EXERCISE DESCRIPTION: Below are records; reproduce exactly the lines from the one that has "this 1280×1708 image." through the one that has "this 1920×1440 image.", ends included, and nothing more.

TASK DATA: Begin

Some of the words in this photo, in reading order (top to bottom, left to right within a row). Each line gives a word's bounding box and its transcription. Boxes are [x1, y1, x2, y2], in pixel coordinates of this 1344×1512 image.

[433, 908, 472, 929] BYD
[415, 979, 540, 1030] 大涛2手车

TASK DATA: End
TASK DATA: Begin

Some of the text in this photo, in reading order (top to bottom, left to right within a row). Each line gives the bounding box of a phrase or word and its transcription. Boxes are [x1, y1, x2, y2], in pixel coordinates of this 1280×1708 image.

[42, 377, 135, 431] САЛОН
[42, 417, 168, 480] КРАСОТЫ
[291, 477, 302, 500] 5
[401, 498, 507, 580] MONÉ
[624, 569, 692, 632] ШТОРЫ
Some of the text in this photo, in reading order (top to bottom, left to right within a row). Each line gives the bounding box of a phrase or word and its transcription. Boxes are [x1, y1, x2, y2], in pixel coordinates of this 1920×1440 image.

TASK DATA: End

RESULT FOR THIS EXERCISE:
Some of the text in this photo, in reading order (top to bottom, left to right within a row). Each line gives the bounding box of a phrase or word and its transcription. Boxes are [x1, y1, x2, y2], in pixel coordinates of this 1280×1708 image.

[42, 377, 135, 431] САЛОН
[42, 417, 168, 480] КРАСОТЫ
[291, 477, 302, 500] 5
[401, 498, 507, 580] MONÉ
[624, 569, 692, 632] ШТОРЫ
Some of the text in this photo, in reading order (top to bottom, left to right within a row). Each line gives the bounding box of a phrase or word and its transcription. Boxes are [x1, y1, x2, y2], in pixel coordinates of this 1920×1440 image.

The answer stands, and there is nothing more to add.